In some cases, a mistrial is requested due to seemingly unfair comments made or inadmissible evidence being presented in opening or closing remarks. If jury instructions cannot repair the damage, the judge may have to call a mistrial. It is difficult to expect a jury to simply ignore such statements, and to then proceed in an objective manner as if they had not been made.
Unexpected events, especially of the catastrophic nature, can also result in mistrial. The death of an attorney, judge, juror, or necessary witness may necessitate it. An attorney may file a motion for a mistrial. Grounds for mistrial must be shown, reflecting that the situation cannot reasonably be restored to an impartial proceeding by other means.
Since cases with glaring errors will generally be overturned upon appeal anyway, a judge will likely grant the motion. In some cases, the judge will call a mistrial without a motion being filed, if the circumstances overwhelmingly indicate that either a unanimous or an objective verdict is impossible.
Even when a mistrial is declared, it does not necessarily mean that the case is over. It may be dropped or a new trial may be ordered. The judge will declare it to be with or without prejudice. If it is declared with prejudice it means the case cannot be retried.
A mistrial with prejudice will occur in cases that involve prosecutorial misconduct or judicial misconduct. This is possible in high profile cases when it appears that assembling an impartial jury is not possible. It may also be necessary if the available evidence is unduly prejudicial and must be excluded. If the prosecution cannot make its case without that evidence, there is no sense in retrying it.
The term without prejudice means the case may be retried at a later date. After declaring a mistrial, the judge may order a new trial. The decision to go forward or to drop the case completely is sometimes left up to the prosecution, based on its ability to effectively and fairly retry the case. If a new trial is ordered, it will start from the beginning and require the assembling of a new jury.

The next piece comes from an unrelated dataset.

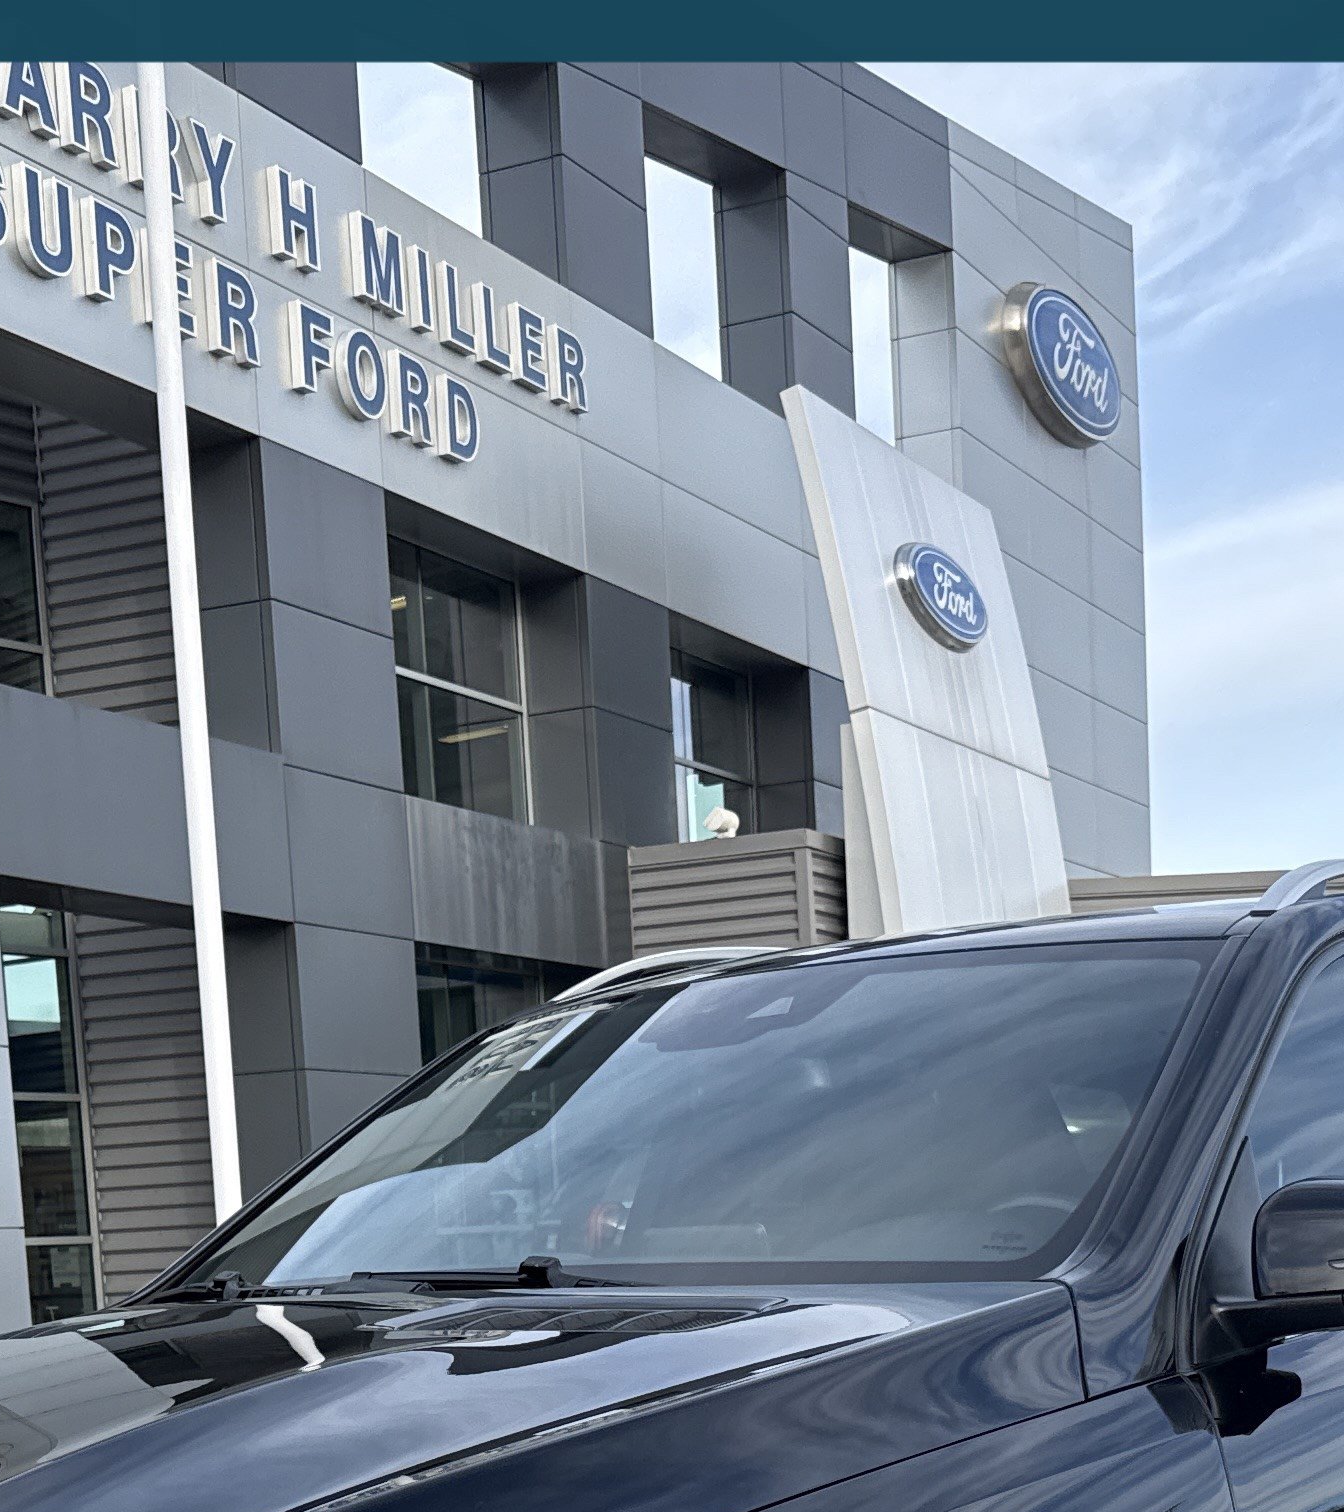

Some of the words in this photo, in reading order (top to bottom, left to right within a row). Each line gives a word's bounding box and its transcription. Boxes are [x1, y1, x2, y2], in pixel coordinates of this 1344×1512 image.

@SarahSon: I believe the judge in a civil lawsuit would be more likely to dismiss the case with or without prejudice rather than declare a mistrial as we know it. Sometimes a civil case has not "ripened" enough to justify a hearing, so the judge may dismiss the case without ruling on any of its merits. This way, the plaintiff can wait for more evidence of wrongdoing to emerge before filing a new claim.

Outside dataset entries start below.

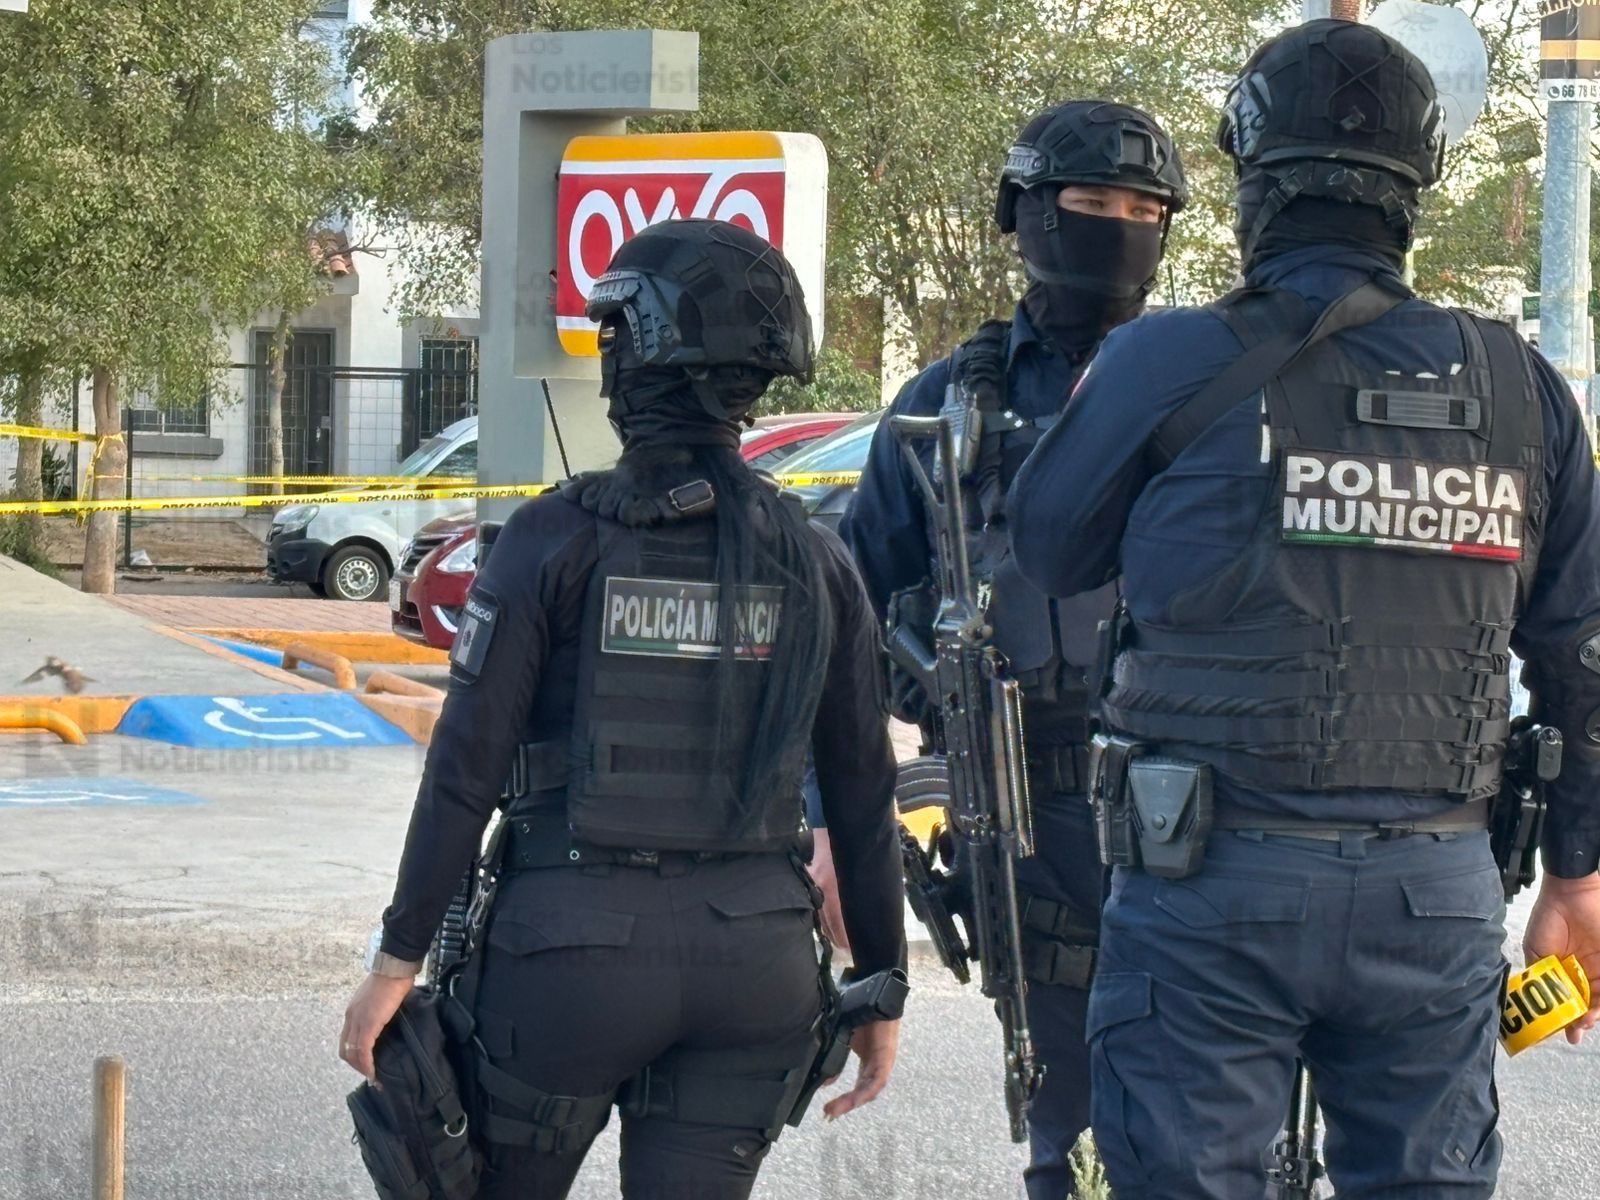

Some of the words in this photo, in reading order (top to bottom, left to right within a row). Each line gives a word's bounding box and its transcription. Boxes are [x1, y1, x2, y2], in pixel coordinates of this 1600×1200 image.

[1285, 455, 1522, 512] POLICÍA
[1282, 496, 1521, 548] MUNICIPAL
[609, 588, 698, 641] POLICÍA
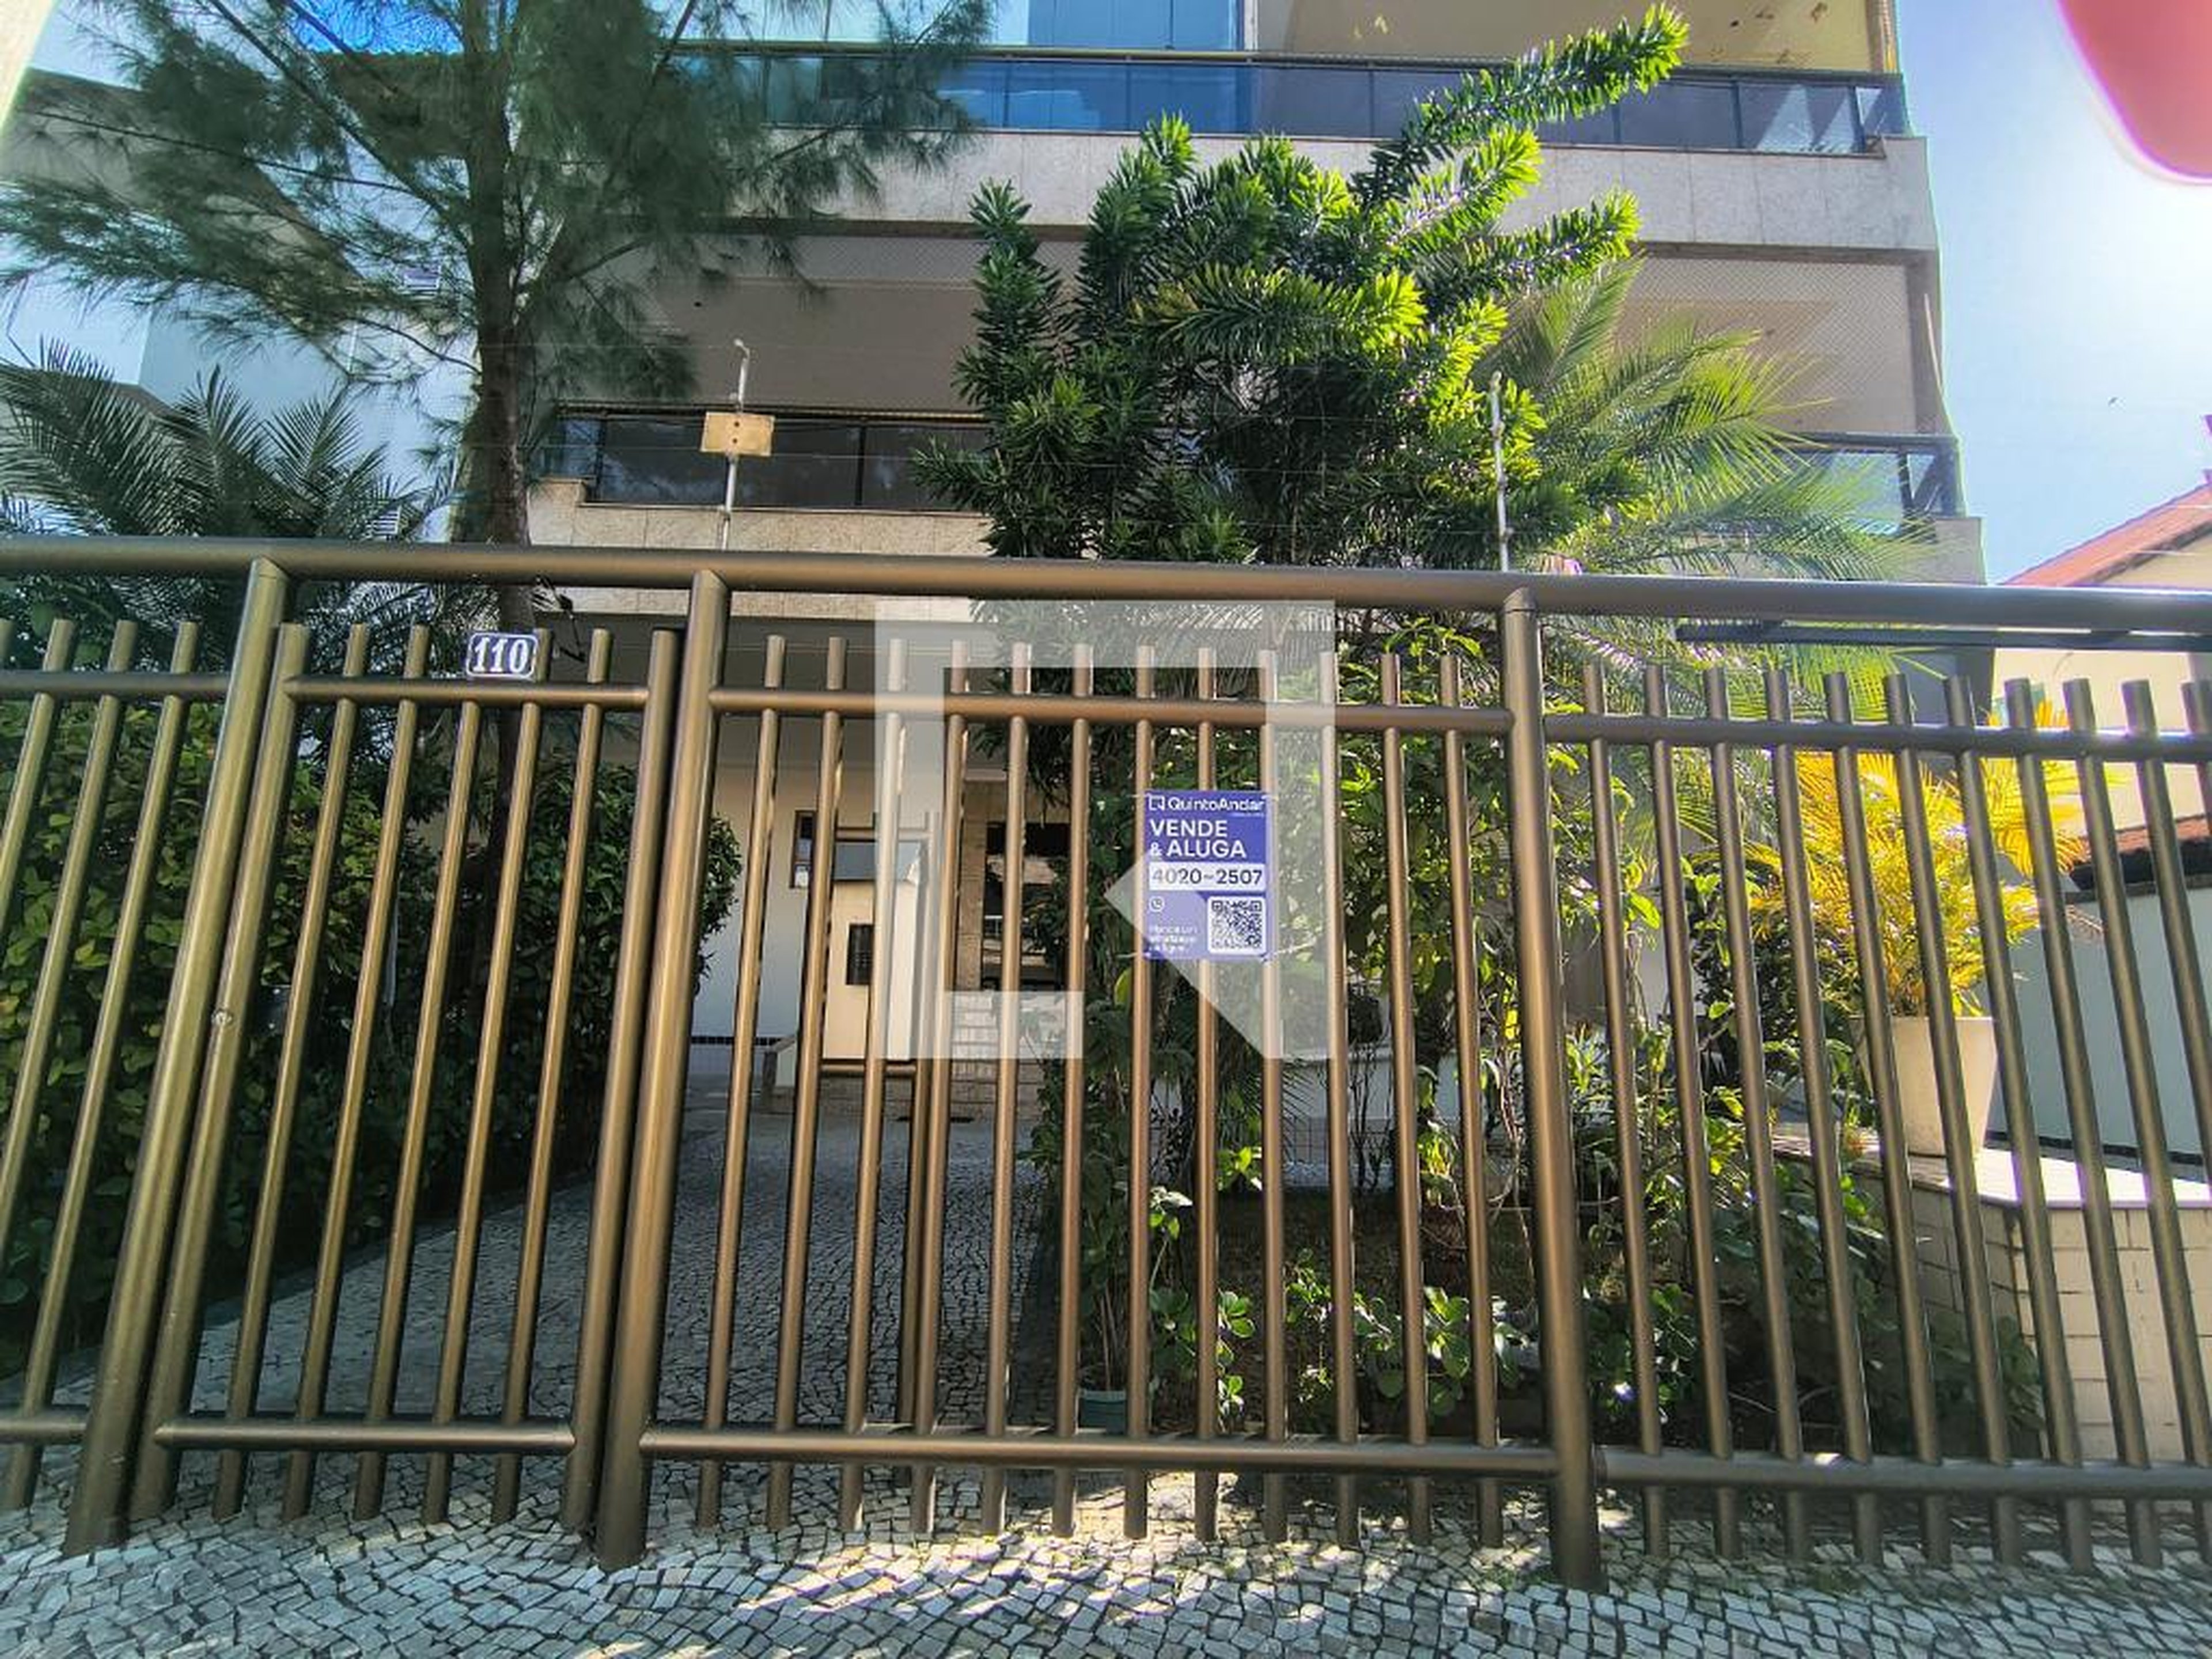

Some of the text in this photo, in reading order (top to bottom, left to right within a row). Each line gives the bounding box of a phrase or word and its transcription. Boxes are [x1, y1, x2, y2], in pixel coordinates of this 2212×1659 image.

[472, 637, 529, 673] 110
[1150, 819, 1228, 837] VENDE
[1150, 839, 1247, 858] & ALUGA
[1152, 868, 1263, 885] 4020-2507

The judge can also decide that the plaintiff doesn't have a provable case at all, or else he or she is suing the wrong defendant and should file a new claim later against the right one.
Unlike criminal trials where there are dozens of legal procedures
both sides must follow, civil case are mostly determined by the preponderance of evidence. The plaintiff doesn't have to be a great lawyer, just bring enough proof to tip the scale in his or her favor. Mistrials are generally reserved for serious misconduct by attorneys or a jury's inability to reach a verdict.
Does it make any difference whether a case is a civil or criminal procedure when it comes to a mistrial?
I would think that most criminal cases would be much more apt to have a mistrial because of the nature of the case.
I imagine there would be times when there could also be a mistrial for a civil case as well. It just seems like you don't hear about those as often.
I have been on a jury three different times. Some people enjoy this experience, but I don't like to be on a jury.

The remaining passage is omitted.